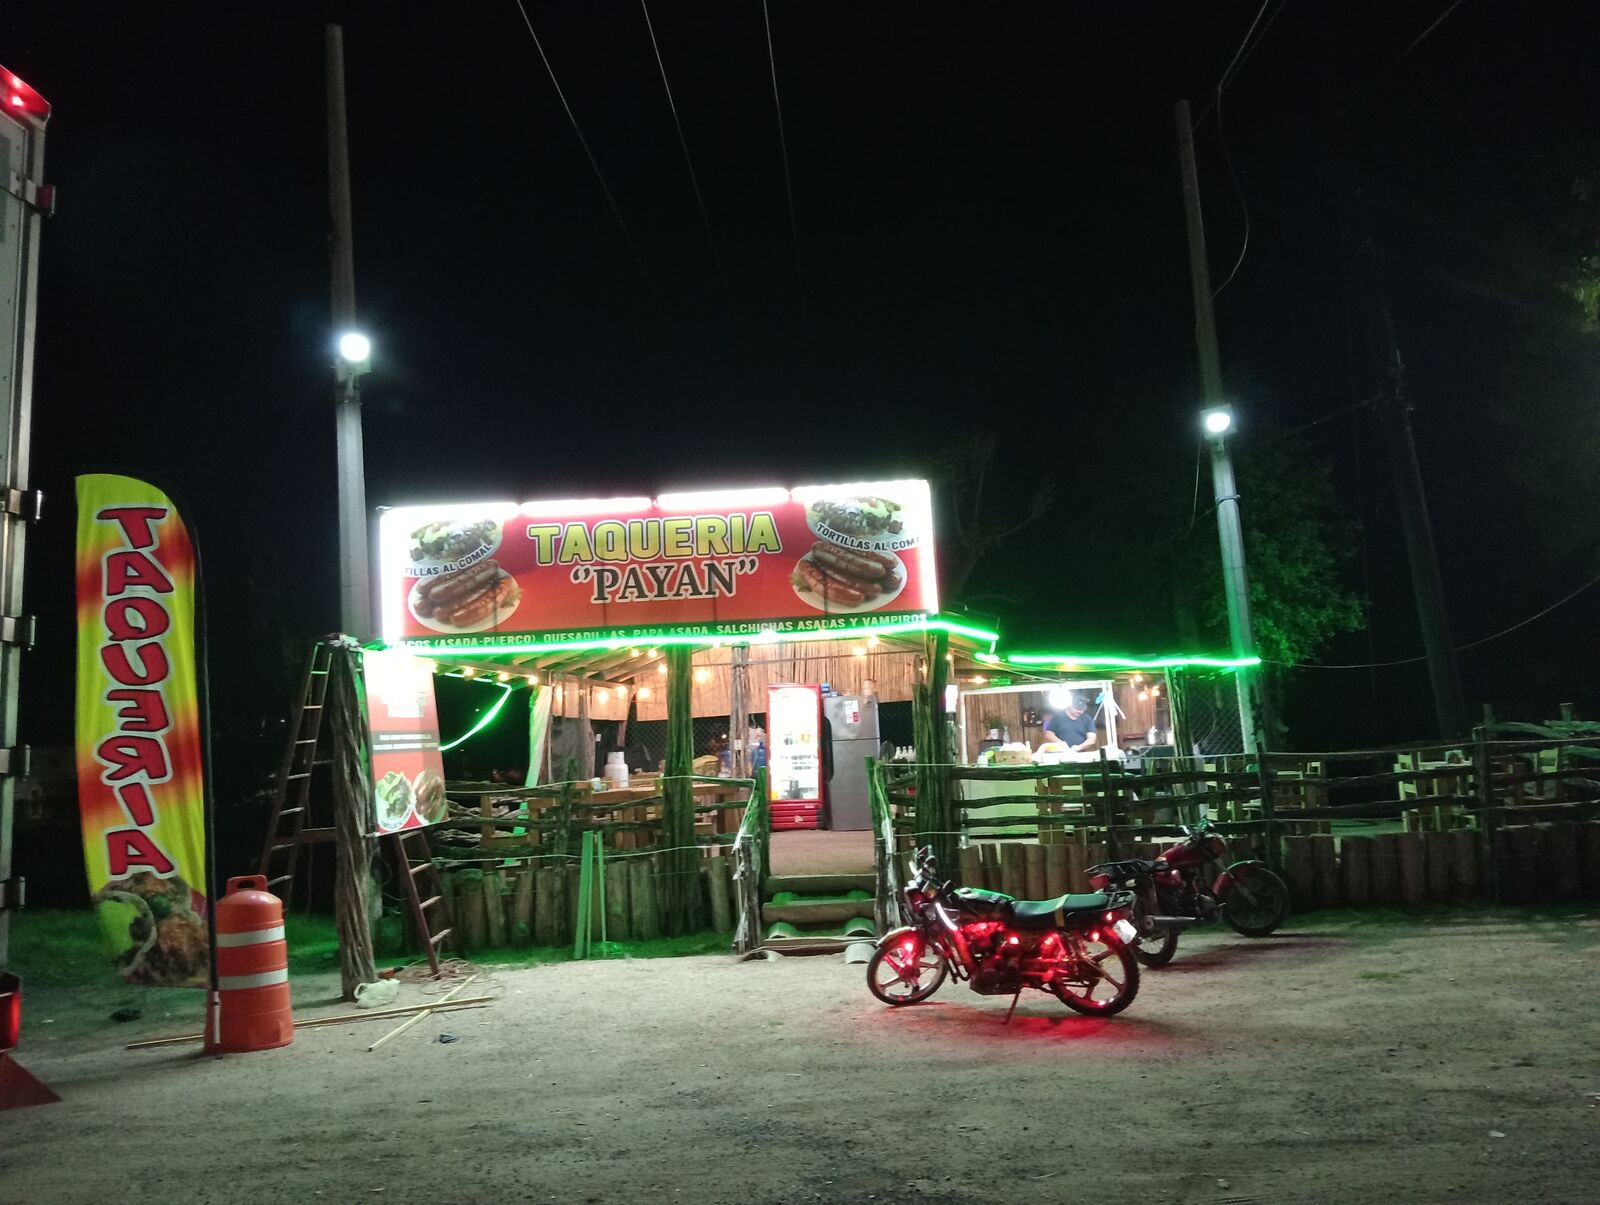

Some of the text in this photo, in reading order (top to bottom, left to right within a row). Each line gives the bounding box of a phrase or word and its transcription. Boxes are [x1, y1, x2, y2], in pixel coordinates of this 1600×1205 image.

[527, 511, 783, 566] TAQUERIA
[817, 523, 919, 551] TORTILLAS AL COM
[443, 563, 456, 573] AL
[458, 543, 493, 568] COMAL
[571, 556, 759, 604] “PAYAN”
[716, 621, 793, 634] SALCHICHAS
[797, 619, 846, 631] ASADAS
[850, 618, 859, 627] Y
[862, 613, 928, 627] VAMPIROS
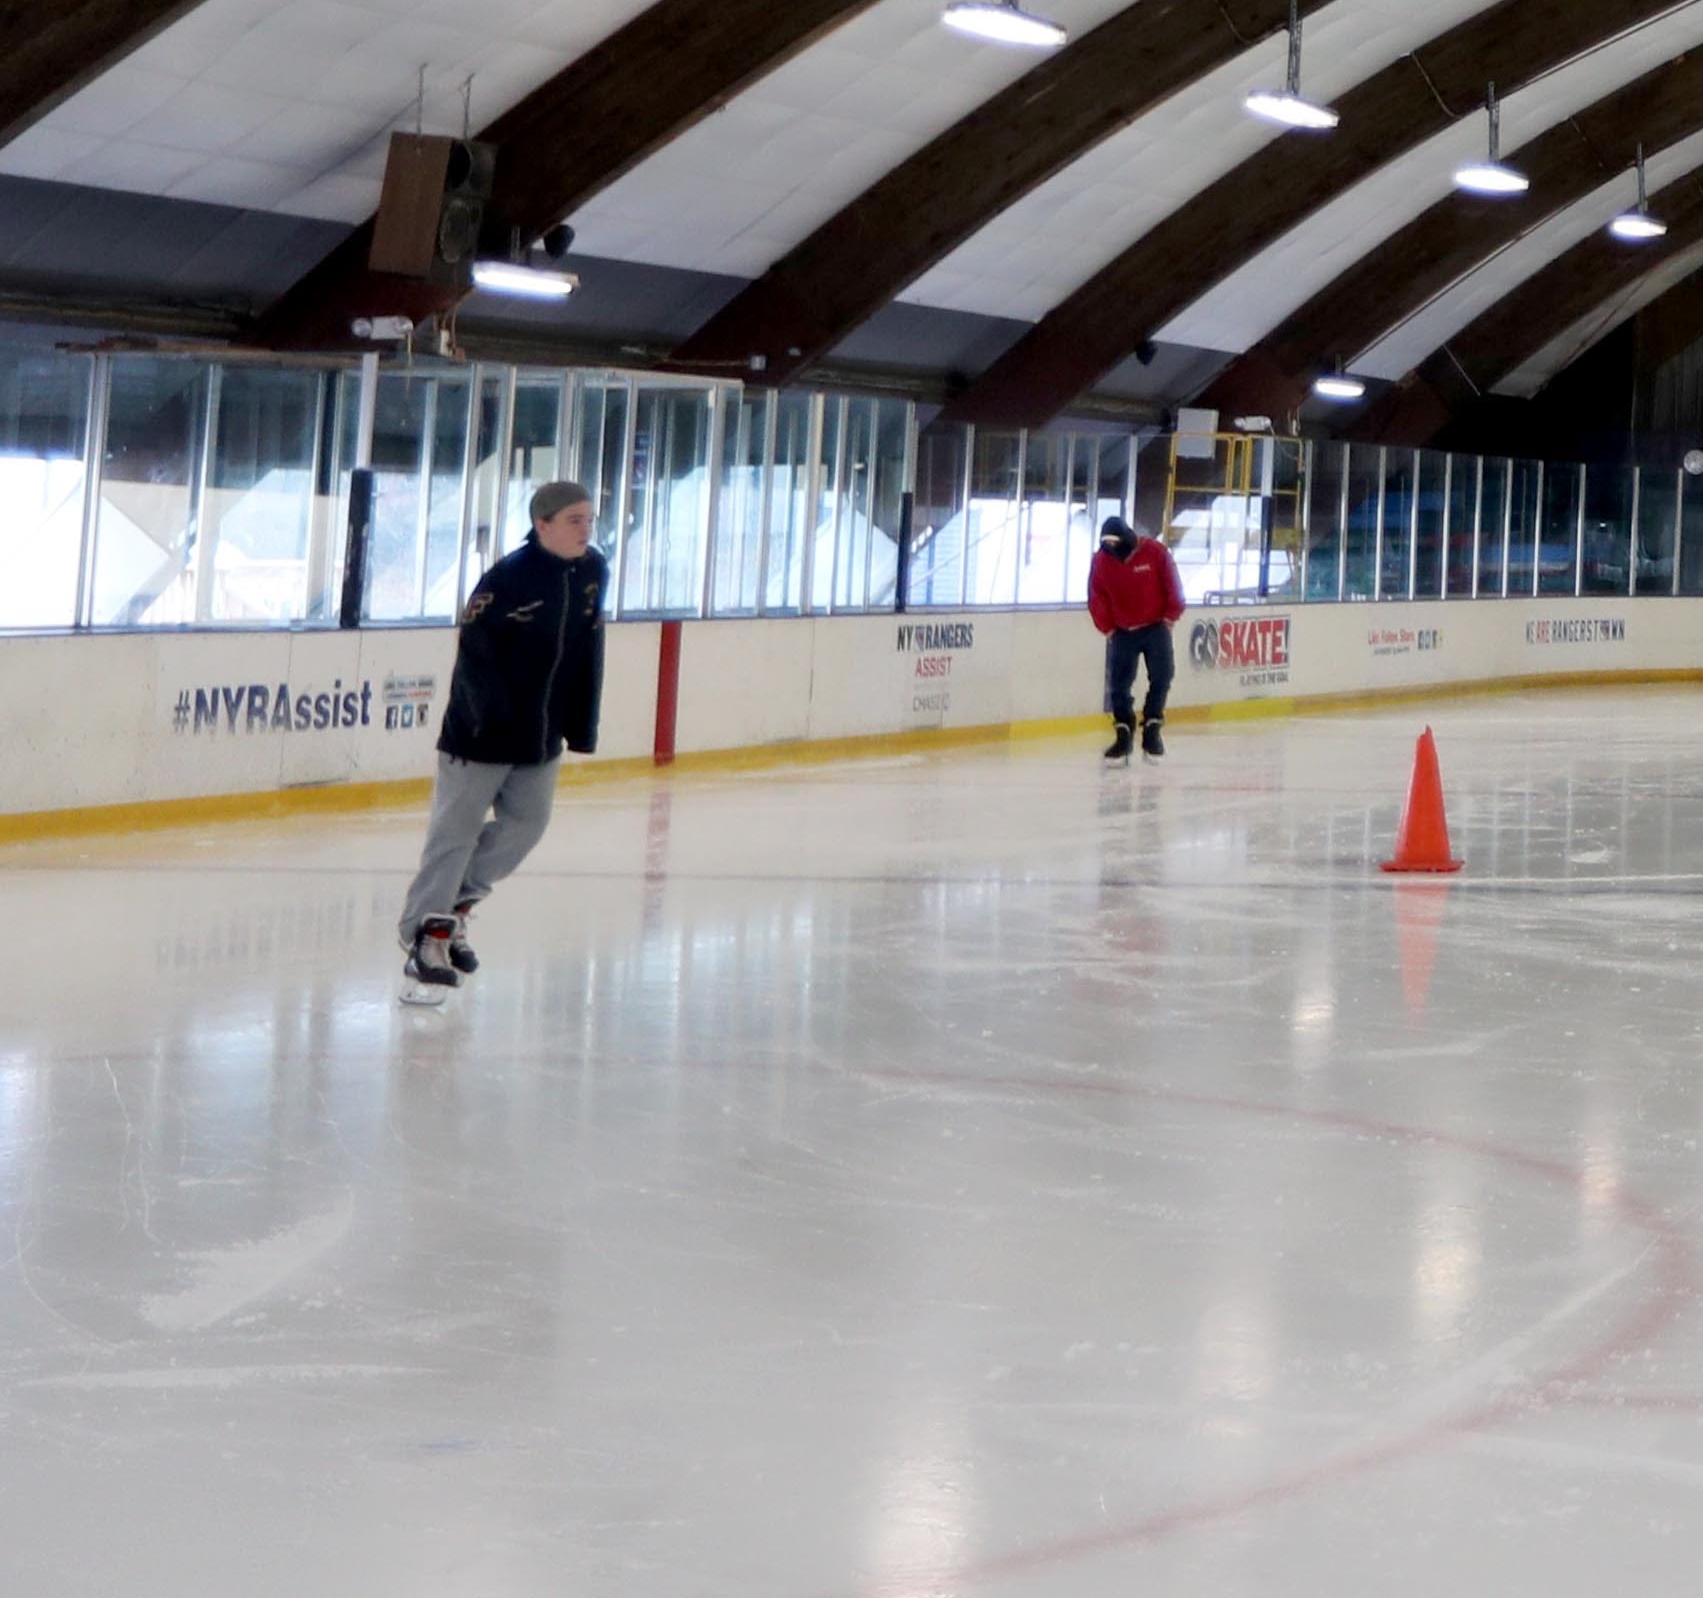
########################################
§ **BRIEF**: Repeat the full listing above exactly, with no pictures in the copy.

§ **EXPECTED OUTPUT**:
Some of the text in this photo, in reading order (top to bottom, left to right within a row). Each line gives the bounding box of a phrase or word and its transcription. Boxes are [x1, y1, x2, y2], in pixel coordinates of this 1600×1205 image.

[527, 511, 783, 566] TAQUERIA
[817, 523, 919, 551] TORTILLAS AL COM
[443, 563, 456, 573] AL
[458, 543, 493, 568] COMAL
[571, 556, 759, 604] “PAYAN”
[716, 621, 793, 634] SALCHICHAS
[797, 619, 846, 631] ASADAS
[850, 618, 859, 627] Y
[862, 613, 928, 627] VAMPIROS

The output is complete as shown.